First find the line containing "this 1600×1775 image." in the data, then set it down exactly along with every line after it, through the last.

──────── TASK INPUTS ────────

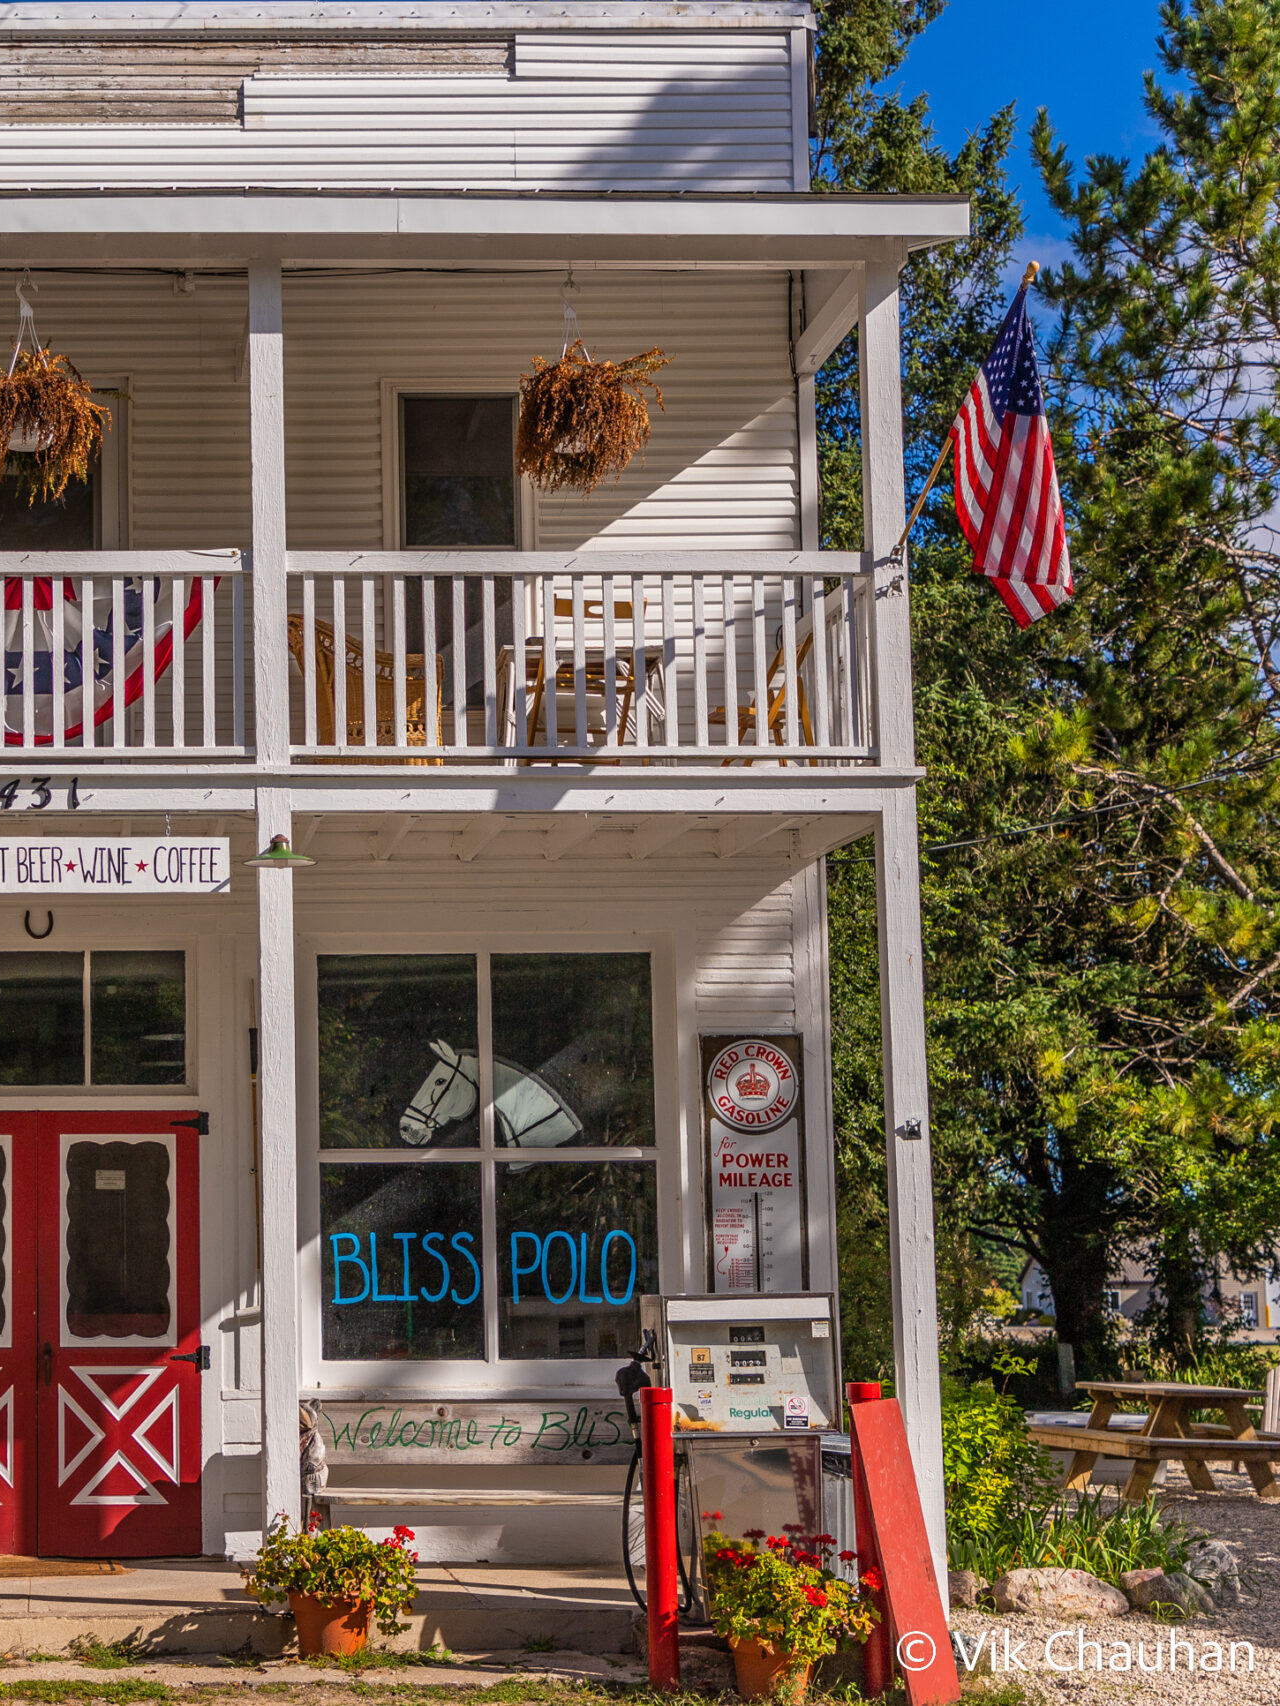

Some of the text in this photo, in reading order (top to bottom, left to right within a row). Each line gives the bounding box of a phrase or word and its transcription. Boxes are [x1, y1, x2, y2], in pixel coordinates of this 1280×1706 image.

[16, 846, 63, 884] BEER
[77, 847, 133, 885] WINE
[153, 845, 221, 884] COFFEE
[713, 1045, 792, 1081] RED CROWN
[717, 1095, 790, 1125] GASOLINE
[713, 1136, 737, 1158] for
[722, 1153, 789, 1168] POWER
[719, 1172, 793, 1187] MILEAGE
[329, 1230, 637, 1305] BLISS POLO
[696, 1354, 706, 1362] 87
[729, 1407, 773, 1420] Regular
[321, 1405, 636, 1452] Welcome to Blis
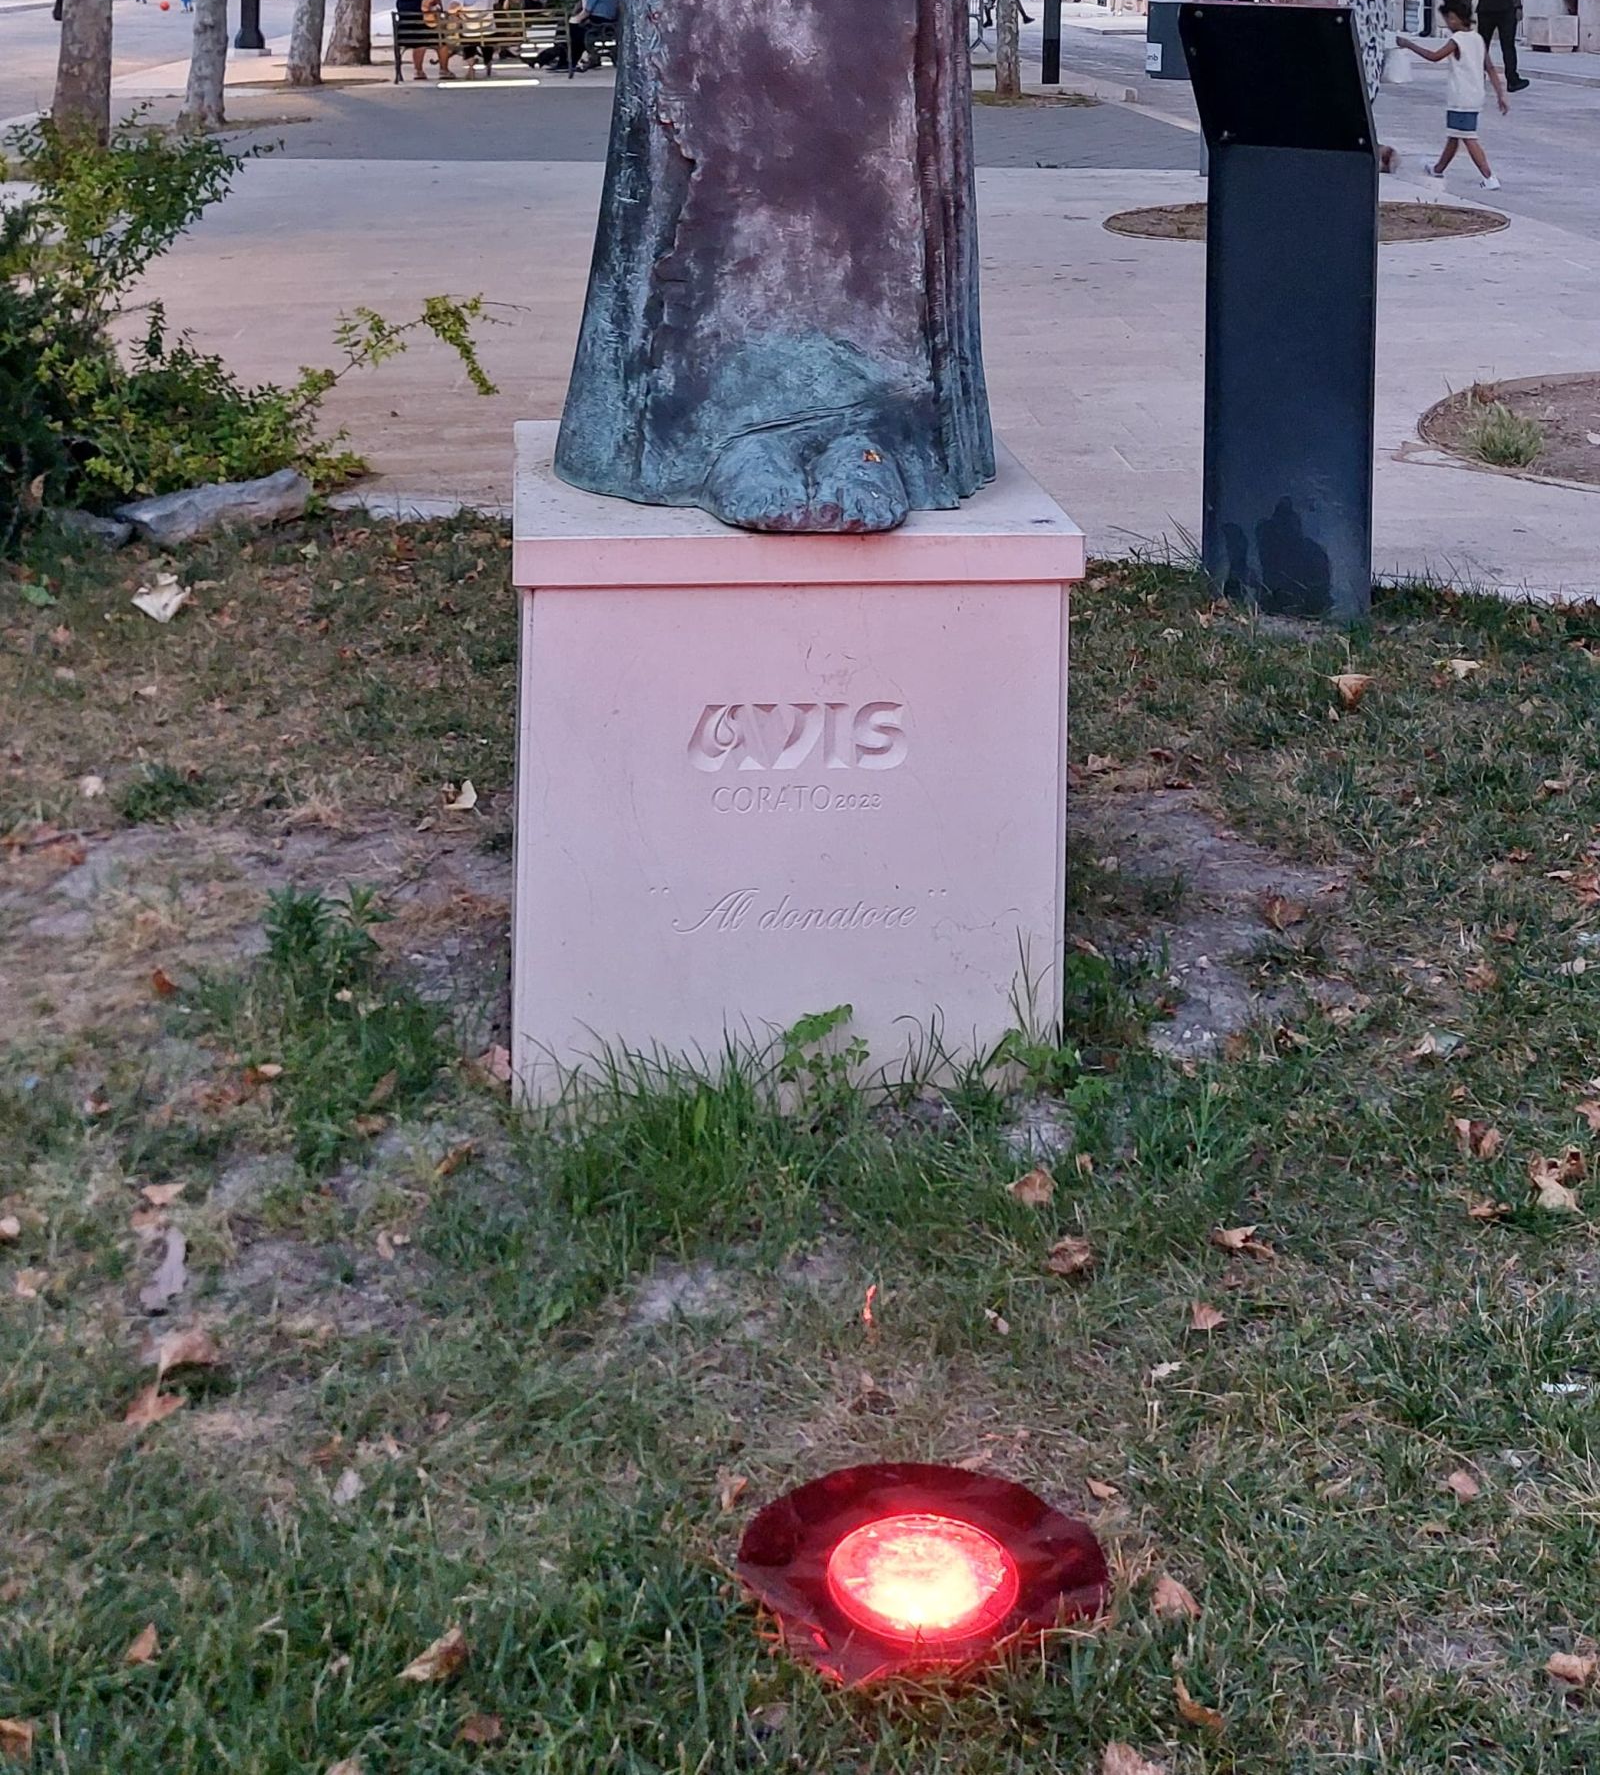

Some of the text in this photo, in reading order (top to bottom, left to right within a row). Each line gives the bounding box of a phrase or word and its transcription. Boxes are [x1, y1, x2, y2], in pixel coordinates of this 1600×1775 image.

[687, 701, 908, 772] AVIS
[711, 784, 882, 813] CORATO 2023

────────

ANSWER BELOW:
Some of the text in this photo, in reading order (top to bottom, left to right within a row). Each line gives the bounding box of a phrase or word and its transcription. Boxes are [x1, y1, x2, y2], in pixel coordinates of this 1600×1775 image.

[687, 701, 908, 772] AVIS
[711, 784, 882, 813] CORATO 2023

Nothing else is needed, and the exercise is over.